This year, I really ruined Christmas. 

Ever since I left home for college, I have spent every Christmas away from home, until this past Christmas, when I made it home just in time for the holidays.

Since Christmas of 2015, I have had the fortune of being the recipient of so many different families’ hospitality. My first Christmas away from home was with my roommate’s family, the Quists. They graciously hosted me for the winter break as we were instructed to clear out of the dorms. 

As an awkward seventeen-year-old, I had no idea what to expect. On Christmas Day, we woke up and gathered around the living room as the gift-giving and receiving commenced. I had rudely prepared quite literally nothing, but the Quists had prepared gifts for me. As everyone took turns, I was confused to find out that there were layers to the gifting—stocking stuffers, large boxes, gag gifts, and more! 

Growing up, our family celebrated Christmas at church, but there was no tradition of opening presents on Christmas Days, and there was certainly no tradition of multiple rounds of gift-giving. 

My sister and I were usually part of a nativity play or some other kind of performance with the other kids in the youth group. Then, we would go to church the night before for the candlelight service. On Christmas Day, we may have had church friends over or did a family worship service. Then, we’d open one gift each. 

That was it. Most people would find my version of Christmas quite boring. No long-standing family traditions to uphold and no childlike excitement over gifts, but to me it was a nostalgia I could not wait to re-live this past year. 

Coming back home for Christmas this past year, I was super excited. Every holiday I had spent away from my family, I romanticized the eventual holiday we would spend together just a little bit more. With the anticipation mounting, I went out shopping for gifts to bring back home, trying my best to remember what they would like but also something small enough to fit in a suitcase. Gift-giving can be so intimate in that way, because you are saying “I know you this much!” or “This is how I love you.”

My mom texted me a week before my flight to Egypt, saying, “Can’t believe you’re coming home in a week.” She included a photo of a new perilla plant she had just recently started growing. “I’m not sure if we’ll be able to eat the leaves by the time you’re here,” she added. I boarded the plane with dreams of a giant home-cooked meal, with plenty of perilla leaves to go around the table. 

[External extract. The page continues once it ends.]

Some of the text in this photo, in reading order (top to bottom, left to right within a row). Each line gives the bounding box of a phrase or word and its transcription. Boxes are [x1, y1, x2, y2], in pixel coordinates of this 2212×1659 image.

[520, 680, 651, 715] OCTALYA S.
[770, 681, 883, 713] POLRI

On paper, it was looking to be the perfect Christmas. Except, a few days before Christmas, I gave my mom a gift she never wanted: her son revealing his first tattoo. To tell the truth, I wasn’t sure what kind of reaction I was expecting to see. I knew she hated tattoos, but I hoped for some light scolding, or maybe even a sigh. 

Instead, she broke down in tears without saying anything. 

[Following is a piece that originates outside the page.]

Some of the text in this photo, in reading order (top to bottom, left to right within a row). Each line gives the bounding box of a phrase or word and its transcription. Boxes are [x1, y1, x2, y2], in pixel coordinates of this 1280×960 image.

As she continued to cry, I racked my brains for the right string of words to say, to comfort her but also to explain how there was nothing different about me other than some ink on my thigh in so many words. I asked her what was wrong, knowing the answer. She said she couldn’t believe I would do the unimaginable and retreated to sleep. 

I really ruined Christmas this year, I thought. 

The next day, we were back to normal. In true Korean fashion, she never brought it up again and neither did I. We made a silent pact, where what remains unsaid speaks louder than whatever we talked about the next morning. She fixed our family breakfast before my sister and I headed off towards our 10K race at the pyramids. 

Coming back home after graduation as a grown adult is a strange experience. The autonomy and independence I had cherished and nurtured in the years following graduation were suddenly thrown out of the window. 

I sit at the dining room table, setting up the spoons and chopsticks and plates just like I used to and my mom cooks in the kitchen, preparing a half-dozen different banchans (Korean side dishes) just like she used to. The night I tell my mom about my tattoo, I stay up long after she goes to bed feeling transported back to my turbulent, angsty high school days looking to escape constant conflict with my parents. 

I’m a child again, not sure if I will ever not be able to be in front of my parents. I think I could be sixty years old, getting ready for retirement, and still not feel fully like the adult of the house. This Christmas was far from perfect, and despite my best attempts to derail it, I think it may have been the most invaluable one yet.